Men who regularly inspect their member as part of a regular male organ health regimen (and that should include all men) are on the lookout for anything out of the ordinary - a rash, discoloration, growths, etc. One thing to be looking for is manhood bumps, any raised areas of the skin that were not there previously. Manhood bumps can arise for a multitude of reasons, and very often are no cause for alarm. Sometimes, what may initially appear to be manhood bumps may in fact be male organ warts - and these need to be identified. |
Male organ warts
How does a guy know if manhood bumps are actually warts? Male organ warts are more commonly called midsection warts, as they may appear anywhere in the midsection area or in or around the posterior. They are small and usually skin-colored or grayish in color. They tend to be raised and flat in top, resembling warts commonly found on other parts of the body. Often they appear in clusters.
Almost all member warts are caused by the human papillomavirus (HPV). Many people have heard about HPV and its link to cancer in recent years. Most of the time (but not necessarily all of the time), the forms of HPV that cause midsection warts have a lower link to cancer development.
Male organ warts are considered a social disease, because the transmission of HPV almost always is through sensual means. It is the most common social disease transmitted by way of a virus. (BTW, 20% of individuals with these warts also have another form of social disease.)
Male organ warts are enormously contagious; it is easy to become infected after just one sensual encounter with a person who has them. The use of barrier protections can cut down on the risk of infection significantly, as can being vaccinated against HPV.
Complicating matters are two facts: (1) Many people who become infected with HPV don’t develop warts and so they may be unaware of the infection, and (2) many people who become infected may not develop warts for months after they contract the infection. And a person can pass on the infection even if they do not have warts.

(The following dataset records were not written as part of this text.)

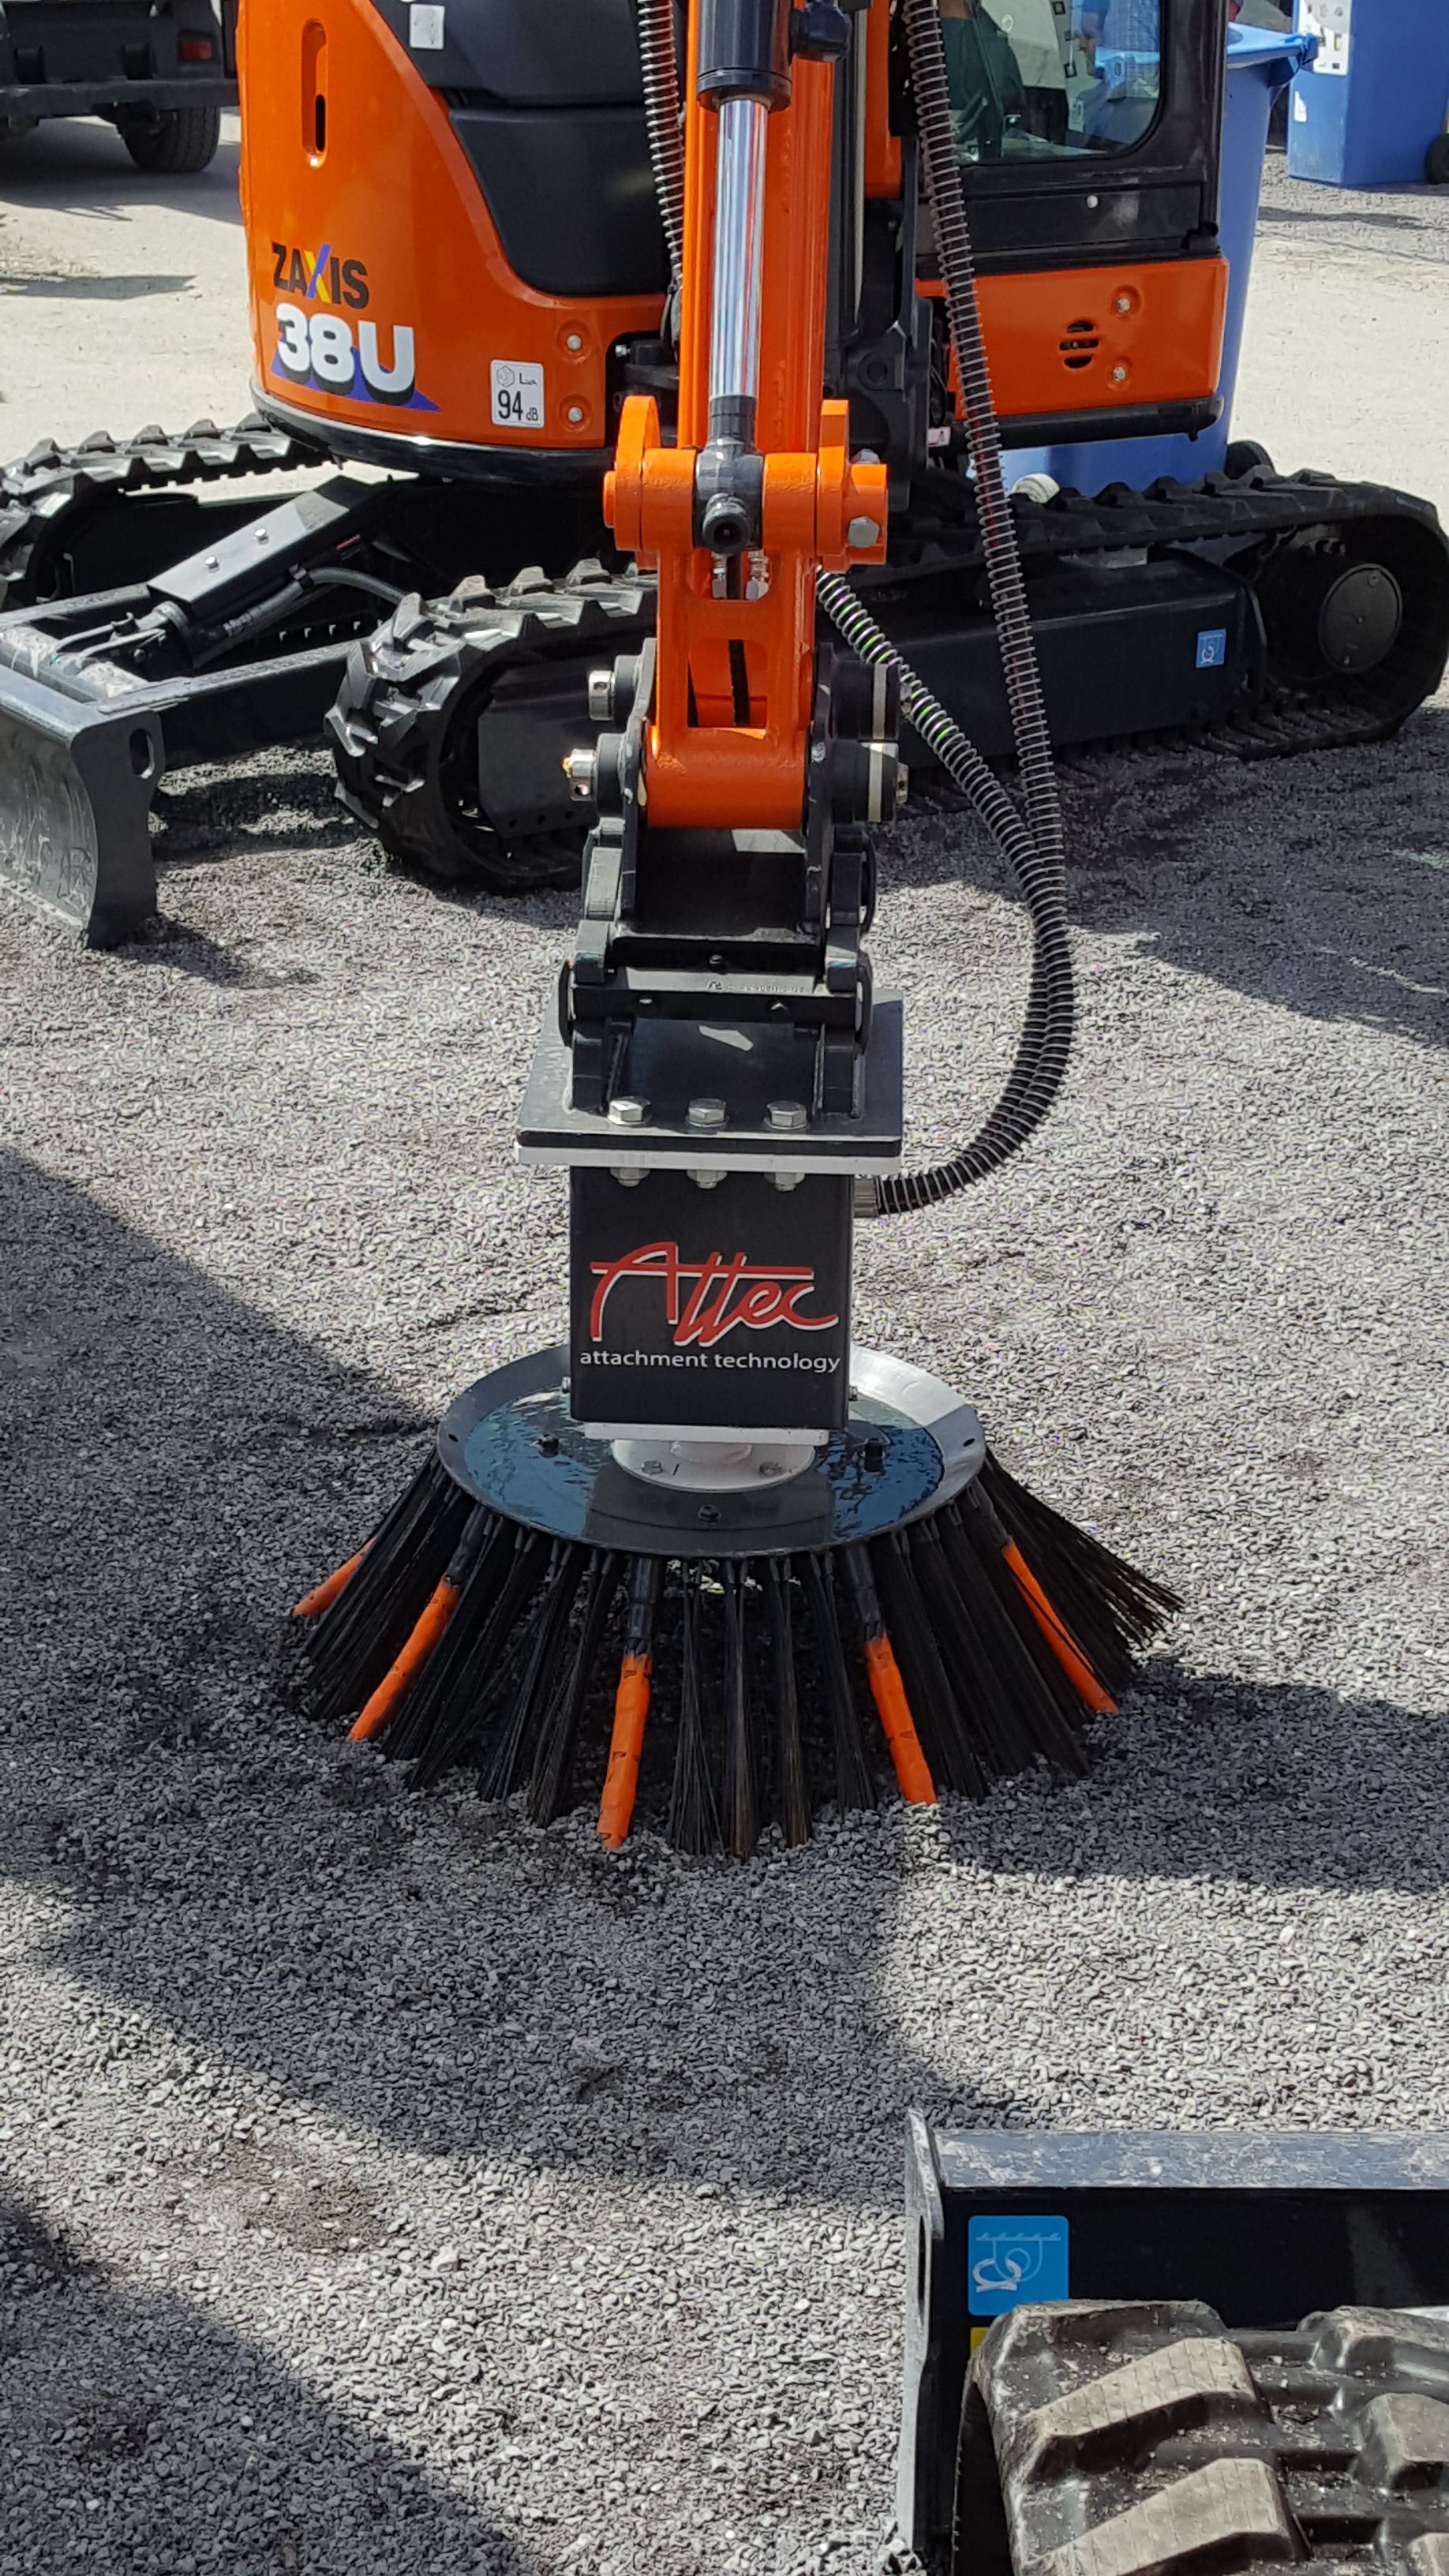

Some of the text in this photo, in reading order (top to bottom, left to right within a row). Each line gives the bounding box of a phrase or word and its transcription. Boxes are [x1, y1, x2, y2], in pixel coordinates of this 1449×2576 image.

[271, 242, 370, 309] ZAXIS
[276, 303, 415, 399] 38U
[498, 389, 539, 421] 94 dB
[590, 1241, 839, 1347] Attec
[580, 1350, 841, 1372] attachment technology

There are numerous treatments that might remove male organ warts. These include chemical treatments, applied once a week in a clinic setting for several weeks; at-home crème treatments, again for several weeks; or physical removal of the warts. The latter takes several forms, including freezing or burning the warts off, which should be conducted by a medical professional.

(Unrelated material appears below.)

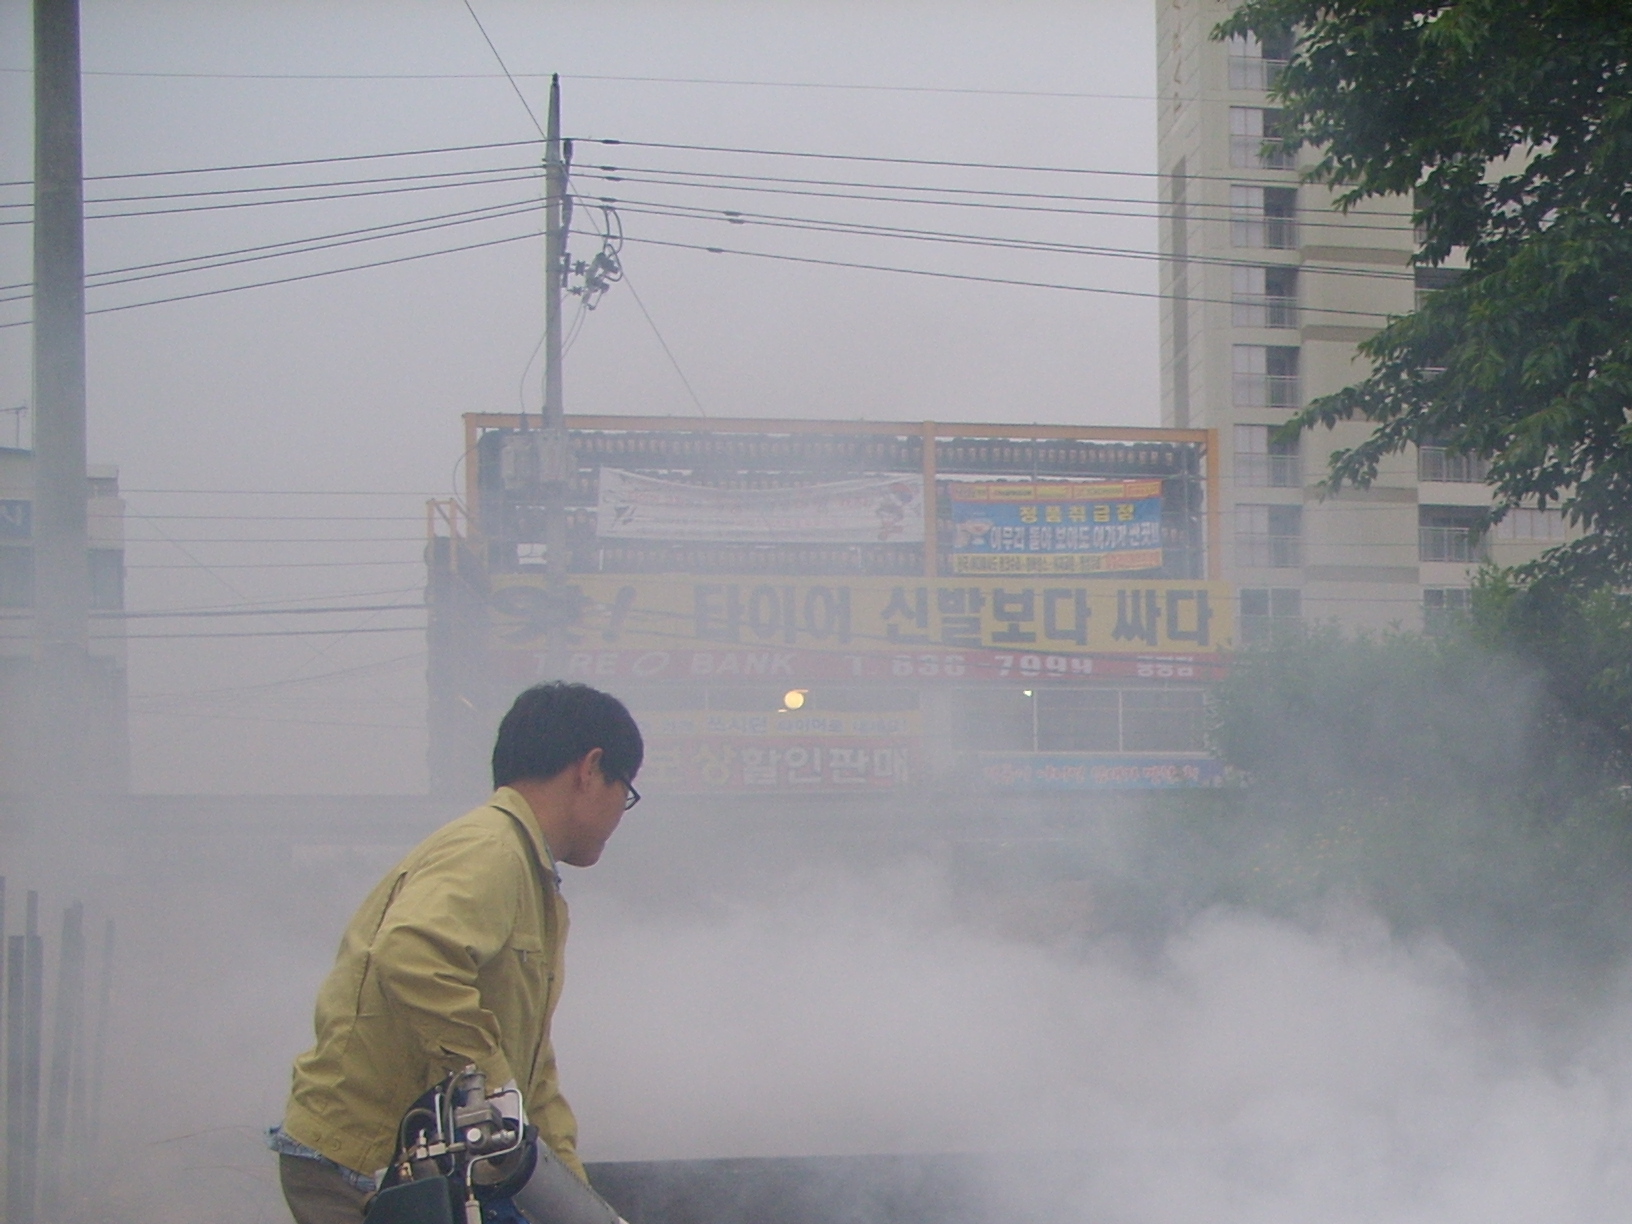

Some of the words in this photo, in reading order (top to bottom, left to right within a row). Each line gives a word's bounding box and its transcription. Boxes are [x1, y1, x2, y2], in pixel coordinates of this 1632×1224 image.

It’s important to note that over-the-counter medications for removing warts are designed for warts which appear on other parts of the body; a man should not use them to remove male organ warts, lest he suffer serious skin damage.
Even after male organ warts are removed, the virus that caused them is likely to still be present in the body. It’s important to discuss this with a doctor to determine what steps to take to decrease the likelihood of transmission of the virus or what to do if warts recur.

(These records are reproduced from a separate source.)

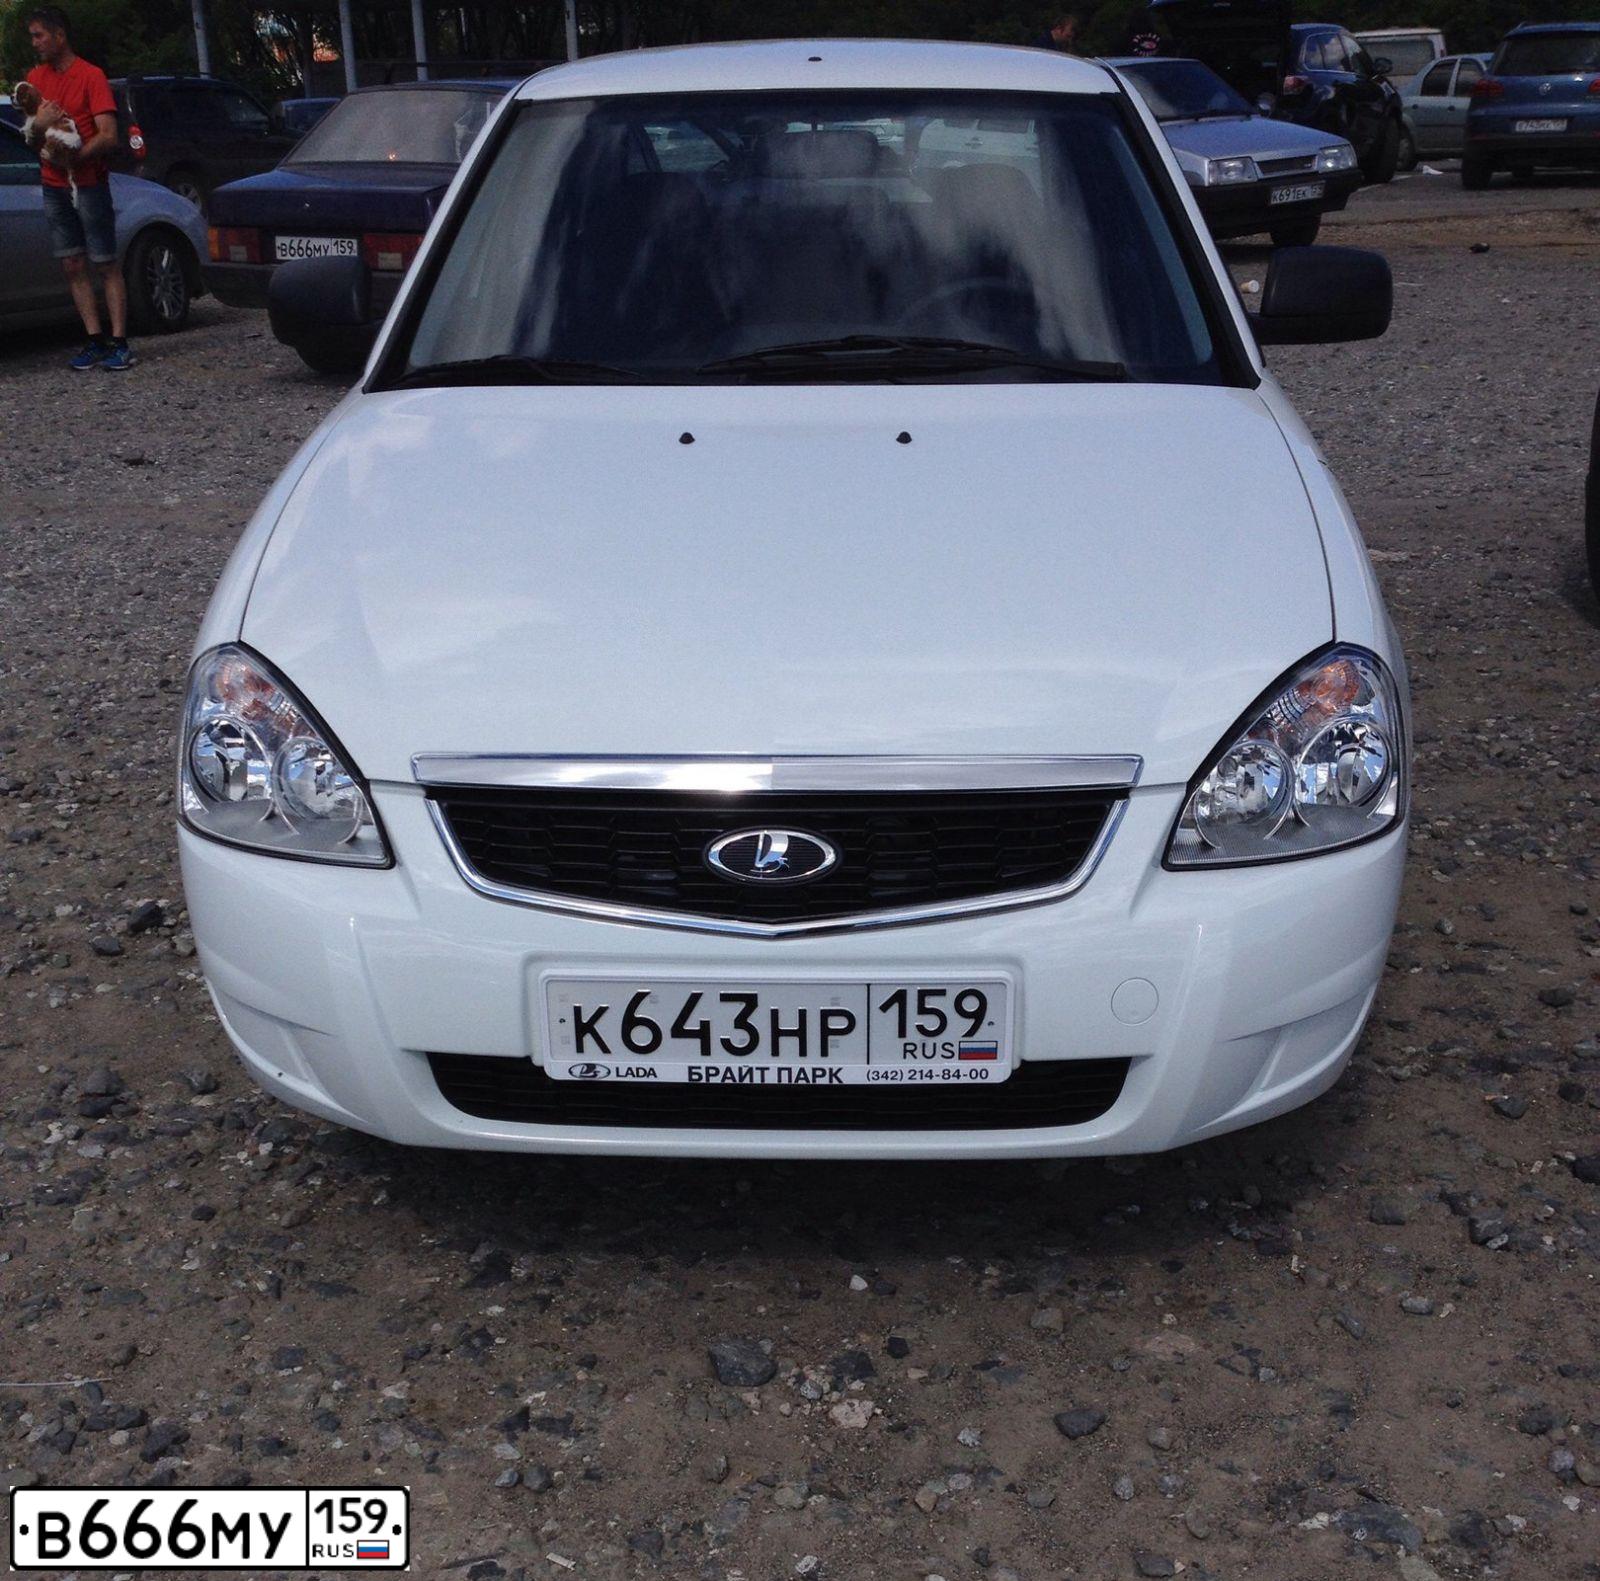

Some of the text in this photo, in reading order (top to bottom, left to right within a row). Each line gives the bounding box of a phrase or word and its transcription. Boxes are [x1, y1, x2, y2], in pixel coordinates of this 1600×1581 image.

[280, 239, 354, 258] В666МУ 159
[573, 988, 988, 1058] К643НР 159
[903, 1041, 957, 1060] RUS
[615, 1066, 658, 1079] LADA
[687, 1064, 844, 1084] БРАЙТ ПАРК
[866, 1067, 990, 1082] (342) 214-84-00

Manhood bumps, whether in the form of warts or not, are never a pleasant experience for a man. Often maintaining overall member health can help lower the likelihood of manhood bumps, so be sure to regularly use a top notch male organ health crème (health professionals recommend Man1 Man Oil, which is clinically proven mild and safe for skin). Since bumps often come with some degree of soreness, choose a crème that includes a pair of potent moisturizers, such as a high-end emollient (Shea butter is excellent) and a natural hydrator (look for vitamin E). It also pays to select a crème with vitamin D, which has proven benefits in fighting diseases and supporting healthy cellular function.
Visit www.menshealthfirst.com for more information about treating common male organ health problems, including soreness, redness and loss of male organ sensation. John Dugan is a professional writer who specializes in men's health issues and is an ongoing contributing writer to numerous online web sites.